Bien évidemment, tout ce matériau d’interprétation n’est qu’un aperçu de ce que peut receler le programme, tant il est dense – et vous comprendrez VRAIMENT cette phrase quand vous ressortirez d’une heure d’épisode. Ne craignez pas de vous confronter à une pseudo thèse sociologique, les sujets et péripéties dans The Wire sont appréhendés aussi normalement que dans Game of Thrones – certains ultras fans allant même jusqu’à décrire la série comme un « anti-GoT », tant ils peuvent se ressembler dans leur casting riche et leurs univers interconnectés, mais en divergeant sur le traitement des histoires.

En fil rouge et en guise de porte d’entrée, la série propose donc de suivre les hauts et les bas d’une unité spéciale de la Police de Baltimore (un regroupement d’officiers de police constitué de bras cassés, enquêteurs mis au rebut…) menée par un sympathique irlandais borderline (Jimmy McNulty / Dominic West).
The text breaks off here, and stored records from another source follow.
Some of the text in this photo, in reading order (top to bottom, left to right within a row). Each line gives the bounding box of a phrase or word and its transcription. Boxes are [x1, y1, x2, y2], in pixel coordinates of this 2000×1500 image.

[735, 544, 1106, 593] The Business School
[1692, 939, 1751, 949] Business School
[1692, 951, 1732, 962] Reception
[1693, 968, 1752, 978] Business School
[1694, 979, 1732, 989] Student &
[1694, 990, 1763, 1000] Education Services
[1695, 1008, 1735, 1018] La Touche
Ces derniers se voient donner pour objectif de s’occuper de l’un des nombreux réseaux de trafic de stupéfiants (les fameux « corners ») prenant place dans les quartiers pauvres de l’ouest de la ville. A l’instar de la future Game of Thrones, The Wire vous permet alors de suivre cet envers du décor des brigades de police, qui nous était jusqu’ici interdit par la morale des studios.
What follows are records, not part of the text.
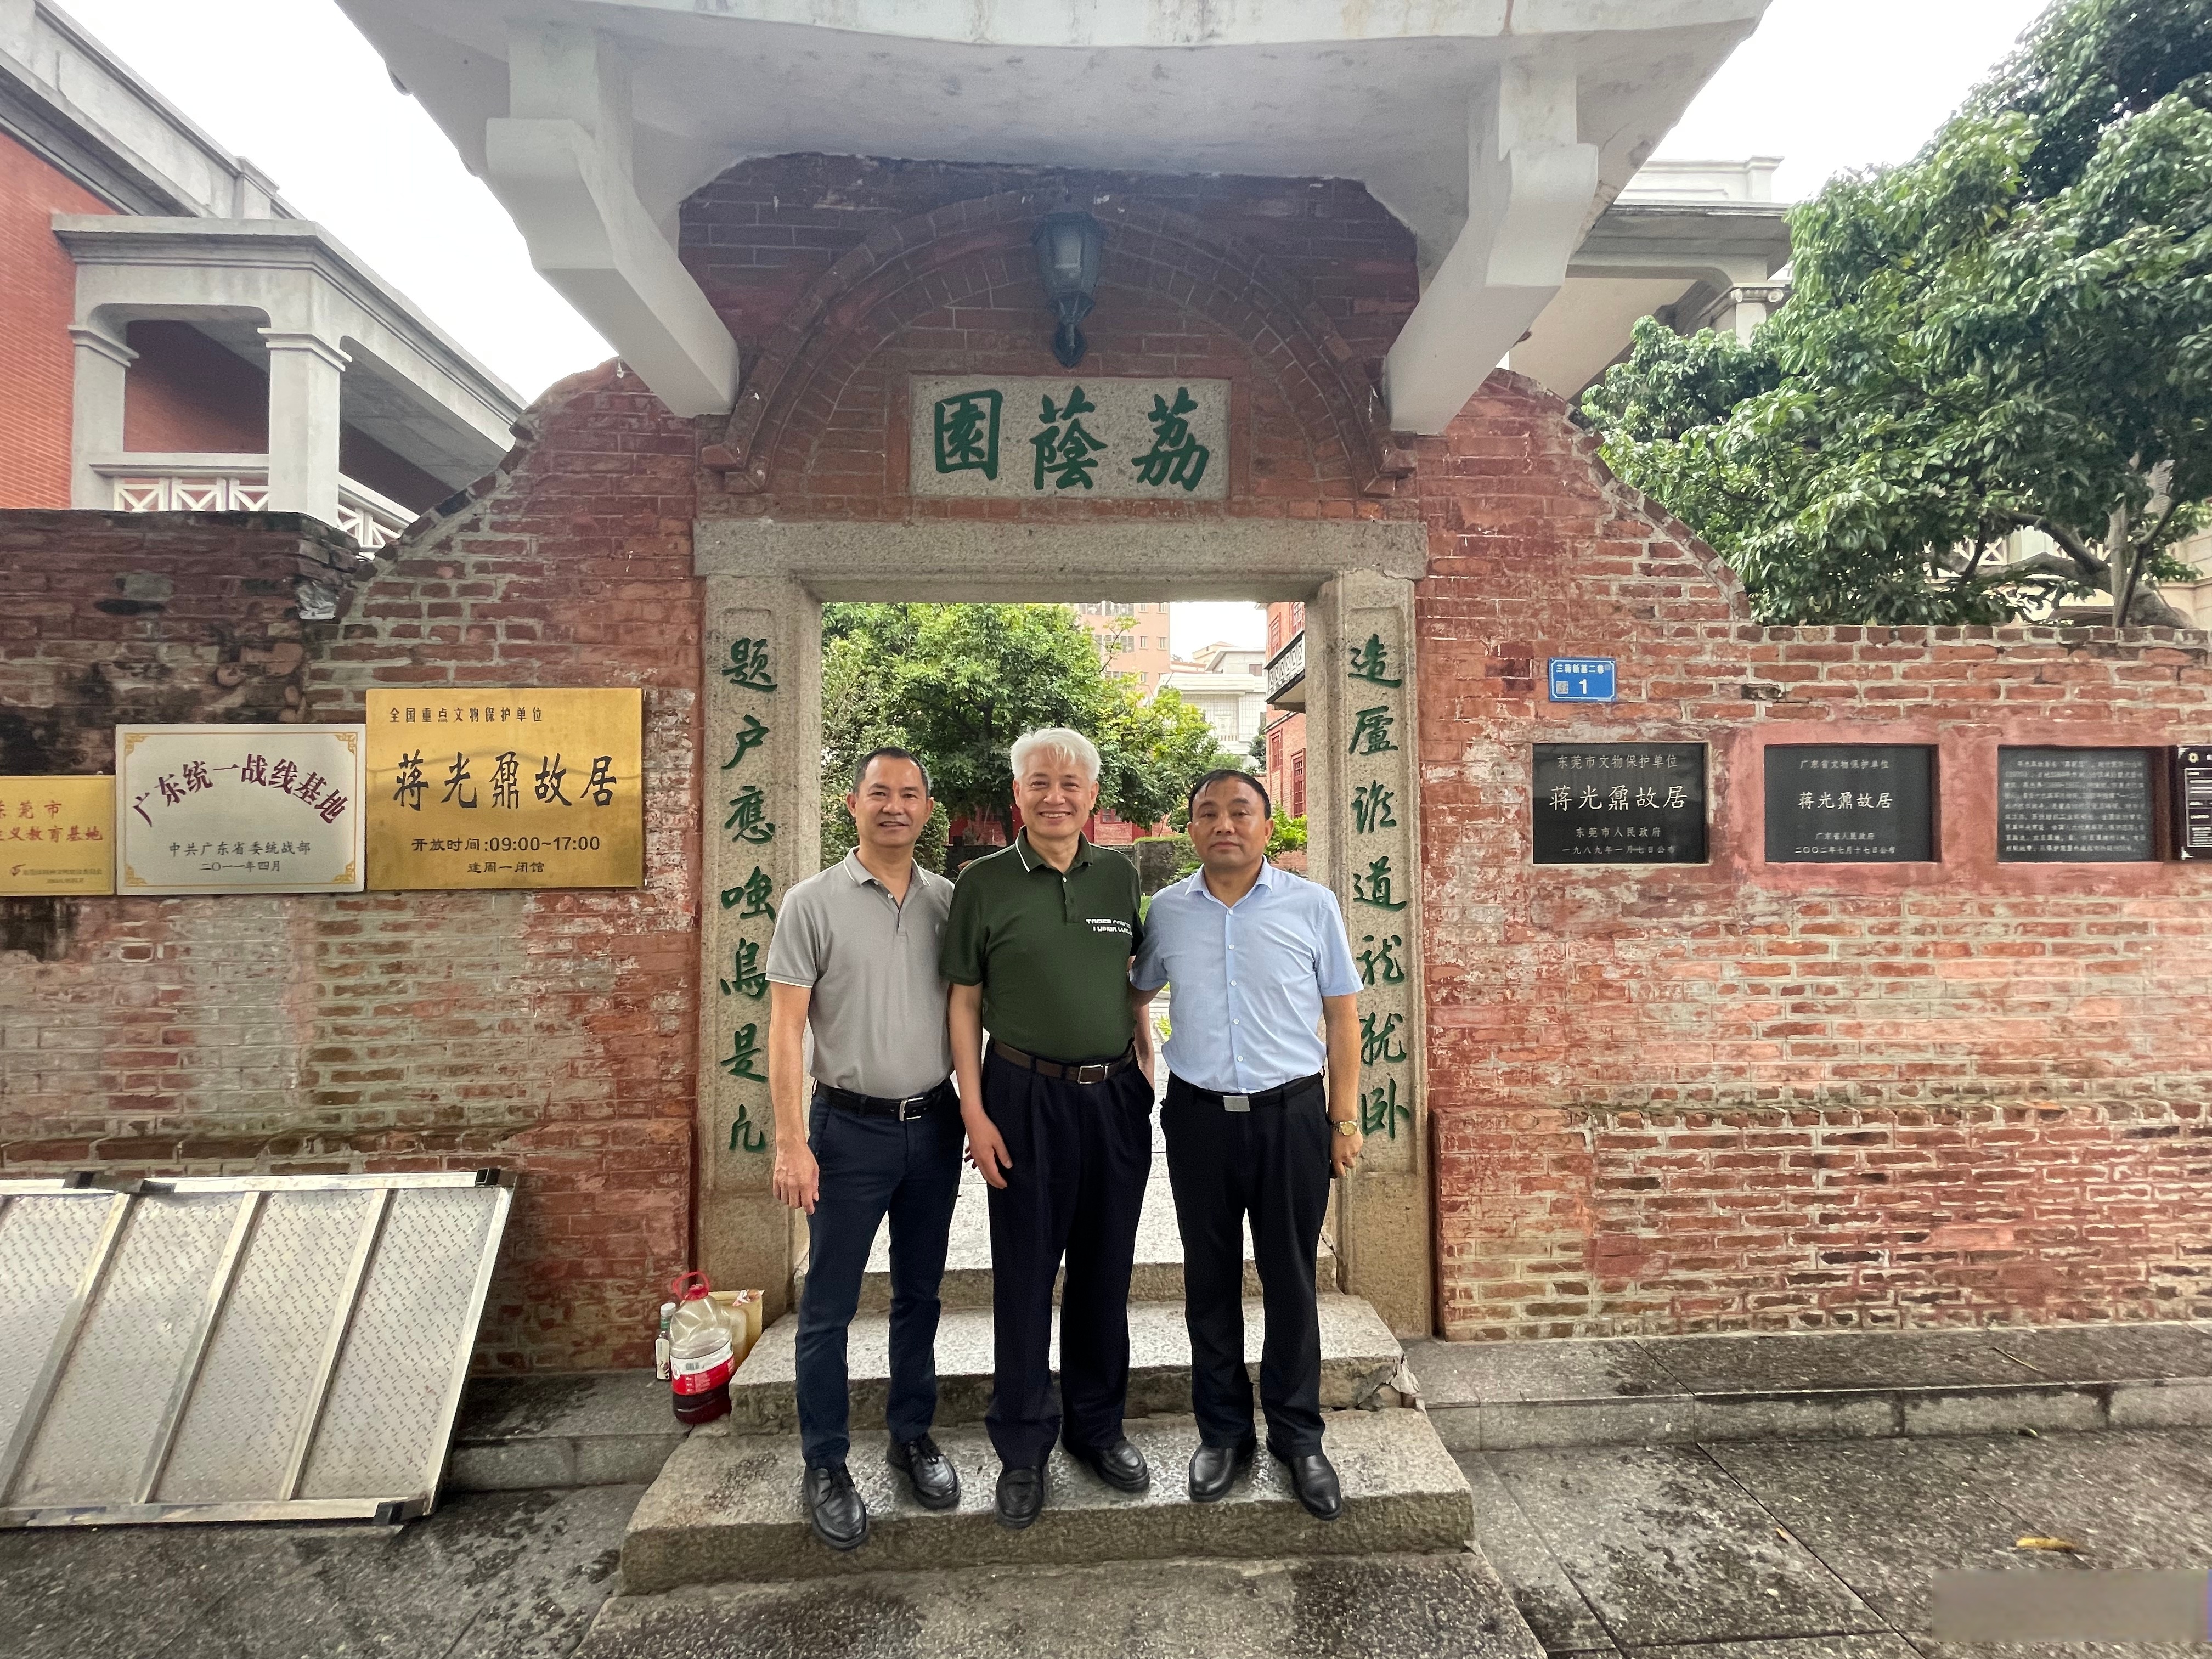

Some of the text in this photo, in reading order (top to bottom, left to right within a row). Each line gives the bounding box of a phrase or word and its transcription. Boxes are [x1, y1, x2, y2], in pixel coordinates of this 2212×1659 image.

[1579, 679, 1587, 695] 1
[390, 707, 543, 723] 全国重点文物保护单位
[1557, 754, 1678, 769] 东莞市文物保护单位
[393, 749, 617, 811] 蒋光鼐故居
[133, 753, 349, 827] 广东统一战线基地
[1549, 785, 1688, 811] 蒋光鼐故居
[1798, 792, 1893, 810] 蒋光鼐故居
[0, 825, 103, 843] 义教育基地
[1576, 827, 1661, 838] 东莞市人民政府
[170, 840, 311, 856] 中共广东省委统战部
[467, 861, 544, 873] 逢周一闭馆
Ainsi voit-on d’un côté comment les petites mains des zones délaissées s’agitent, où les toxicomanes désespérés côtoient les dealers pimpés et les gamins paumés, le tout gouverné par des caïds désespérément modernes (tel Russell « Stringer » Bell, joué par Idriss Elba à ses débuts), en alternant doucement avec les silencieux couloirs des lieux de pouvoir de l’Etat fédéral américain, du QG de la Police au conseil municipal (notamment aux côtés de Tommy Carcetti / Aidan Gillen).

Bref, au-delà des adjectifs pompeux et autres grands discours, The Wire atteint un tel travail d’écriture que le quatrième mur est rompu, et que « chaque pièce du puzzle compte ».

 

« The Wire est une série exigeante, il faut s’accrocher »
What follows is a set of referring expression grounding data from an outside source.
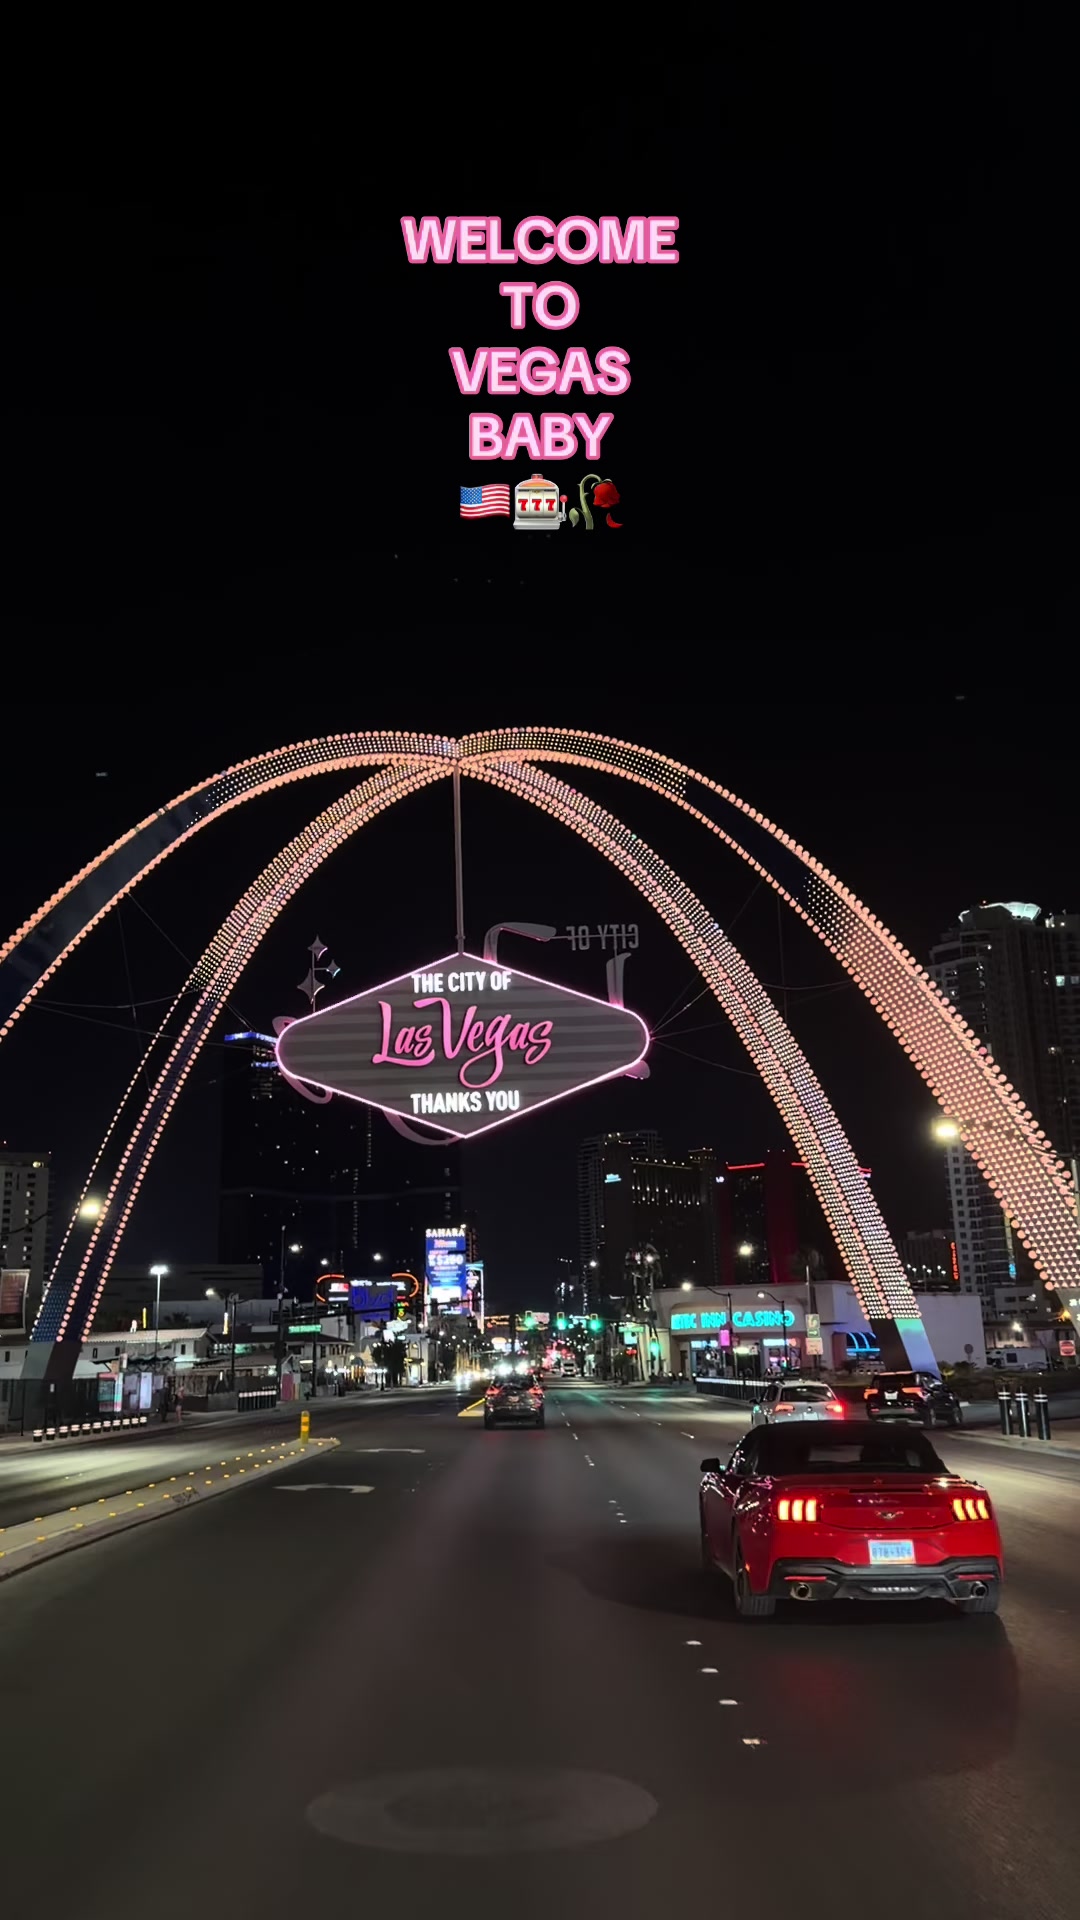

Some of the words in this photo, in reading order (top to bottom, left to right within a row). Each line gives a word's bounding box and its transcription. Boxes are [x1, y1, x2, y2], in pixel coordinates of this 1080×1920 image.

[411, 973, 443, 993] THE
[448, 971, 486, 991] CITY
[490, 971, 511, 990] OF
[372, 1000, 435, 1067] Las
[413, 997, 553, 1088] Vegas
[410, 1092, 482, 1114] THANKS
[484, 1090, 520, 1111] YOU
[426, 1228, 465, 1238] SAHARA
[701, 1311, 727, 1328] INN
[732, 1310, 795, 1327] CASINO
Ainsi parlait David Simon, l’un des deux showrunner de la série. Pour un projet aussi complexe et riche, il fallait au moins compter sur des professionnels expérimentés pour faire tourner cette immense machine infernale. David Simon est donc un ancien journaliste du Baltimore Sun, auteur à 27 ans d’un joli pavé (un manuscrit de 900 pages sobrement intitulé Baltimore) donnant à voir le travail quotidien d’une brigade criminelle (les célèbres Homicides). Il est épaulé par Ed Burns, ex-officier de la Police de Baltimore dans cette même brigade et aux stupéfiants, reconverti en professeur d’école publique.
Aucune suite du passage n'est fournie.